Increase of beta-endorphin secretion by agmatine is induced by activation of imidazoline I(2A) receptors in adrenal gland of rats

Abstract

Activation of imidazoline I(2) receptor (I(2)R) by agmatine in adrenal gland lowers plasma glucose through increment in beta-endorphin release to stimulate the opioid mu-receptor in streptozotocin-induced diabetic rats (STZ rats). However, the subtype of I(2)R for agmatine-induced blood glucose lowering effect remains obscure. In the present study, agmatine treatment increased beta-endorphin secretion and this effect was blocked by I(2)R antagonist (BU224) in the isolated adrenal medulla. We further used amiloride, an established blocker of I(2A)R, to identify the subtype of I(2)R in adrenal gland. Results showed that agmatine-induced beta-endorphin release from adrenal gland was blocked by 0.1muM amiloride indicating the mediation of I(2A)R. It was further confirmed that agmatine-induced plasma glucose decrement and plasma beta-endorphin increment in STZ rats were blocked by amiloride.

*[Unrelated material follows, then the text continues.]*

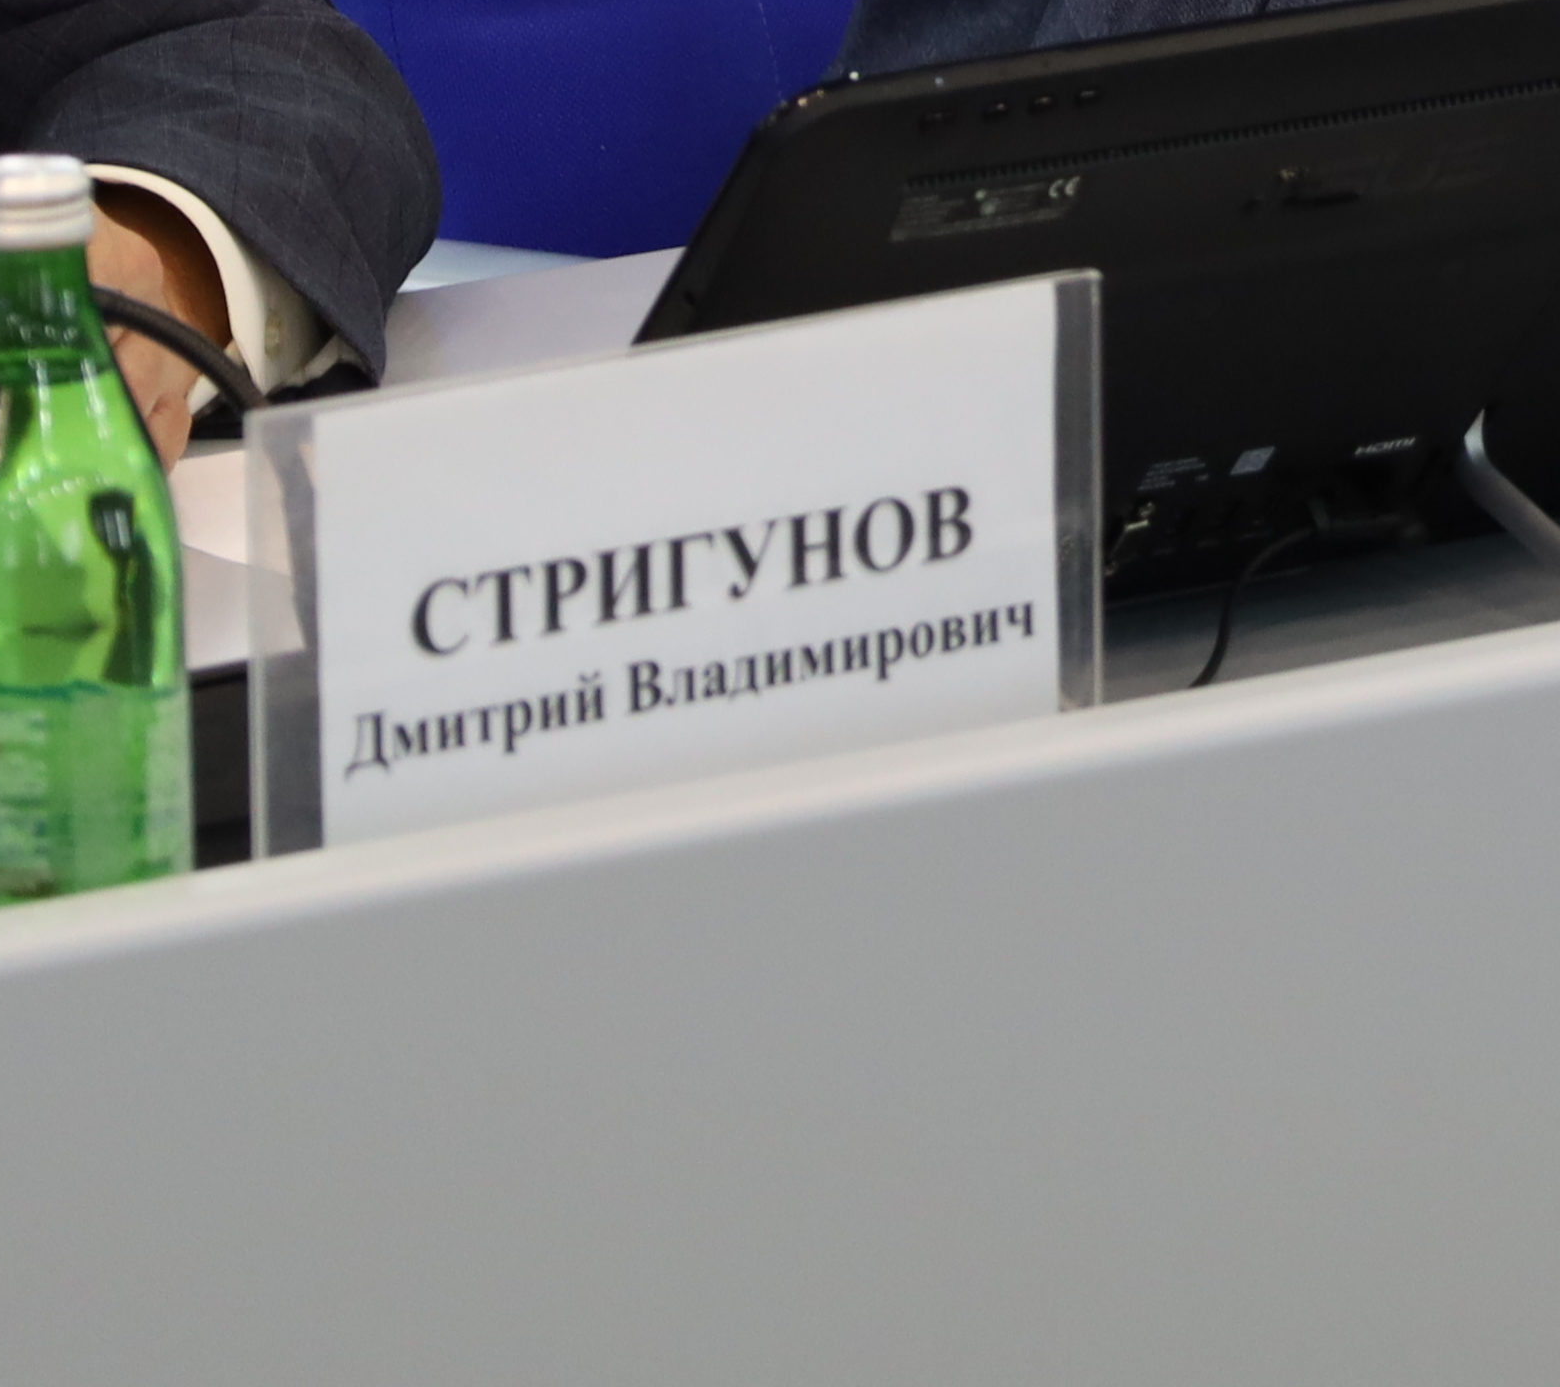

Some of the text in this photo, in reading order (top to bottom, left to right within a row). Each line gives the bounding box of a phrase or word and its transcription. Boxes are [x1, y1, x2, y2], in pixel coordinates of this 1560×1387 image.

However, amiloride failed to modify the action of guanidine, an agonist of I(2B)R, at the sufficient dose to block beta-endorphin secretion. Taken together, the increase of plasma beta-endorphin by agmatine in STZ rats through activation of imidazoline I(2)R was mainly induced by the I(2A) subtype located in adrenal gland. Thus, imidazoline I(2A) receptor in the adrenal gland might be applied as a new target for induction of opioid secretion.